上座部仏教においては、正式な比丘尼になるための仕組は早いうちに滅んだとされ、女性の出家者は正式な比丘尼(尼)とは認められていないために、日本でも「女性修行者」・「女性出家者」などと訳されることがある。
男性比丘が「サヤドウ・ウ・ナーラダ」というように出家名の前に「サヤドウ(sayadaw)と「ウ(u)」という語を冠するのに対して、ティラシンは「サヤレー・ドウ・ニンマラー」というように出家名の前に「サヤレー(sayalay)」と「ドウ(daw)」という語を持つ。

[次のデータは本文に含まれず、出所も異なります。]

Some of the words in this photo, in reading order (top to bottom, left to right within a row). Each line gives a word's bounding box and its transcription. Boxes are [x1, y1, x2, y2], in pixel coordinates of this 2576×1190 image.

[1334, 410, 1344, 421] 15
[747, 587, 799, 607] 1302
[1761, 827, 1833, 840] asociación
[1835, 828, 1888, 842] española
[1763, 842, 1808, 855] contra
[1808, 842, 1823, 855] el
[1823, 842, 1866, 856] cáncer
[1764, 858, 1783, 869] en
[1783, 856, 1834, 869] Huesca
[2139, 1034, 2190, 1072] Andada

通常僧侶は、227の戒律を守らなければならないとされているが、ティラシンには八戒しか義務付けられていない。また、僧侶が触れることを禁忌とする金銭を扱うことが許され、料理などの日常の雑事に携わるなど、男性僧侶の生活を補助する存在とされており、また僧侶の着る黄衣は着用できず、もっぱら薄赤(ピンク)の衣[1]を身にまとうなど、男性僧侶とは区別された存在とされている。だが、ミャンマーではコンバウン王朝末期にマニプール王国から連行されたティラシン・ドウ・キン(Hkin)の活躍によって女性のための尼僧院の建立が許されるようになる。
インワ朝時代からその存在が確認され、当初はダディントン(thatin ton)と呼ばれていたが、男性の修行者を含む用法も存在した。「ティラシン」という用語が女性修行者に対して用いられるようになるのは、18世紀後半と考えられている。

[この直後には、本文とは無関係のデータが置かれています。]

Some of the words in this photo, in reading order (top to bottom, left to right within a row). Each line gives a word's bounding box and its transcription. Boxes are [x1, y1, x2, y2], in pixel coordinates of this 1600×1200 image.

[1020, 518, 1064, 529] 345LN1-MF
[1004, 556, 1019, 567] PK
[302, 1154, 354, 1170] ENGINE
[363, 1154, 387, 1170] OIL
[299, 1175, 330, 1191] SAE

ティラシンはミャンマー政府から出家者としての身分を保証されており、政府の教学試験で高位成績者を出すなど、その地位は他の上座部圏の尼僧と比較すれば高いと言える。
脚注
編集- ^ 古くは、赤とする説と白とする説があって統一されていなかったが、後に中間色である薄赤の衣に統一されたという。
参考文献
編集- 土佐桂子「ティラシン」(『歴史学事典 8 人と仕事』弘文堂、2001年 ISBN 4-335-21038-8)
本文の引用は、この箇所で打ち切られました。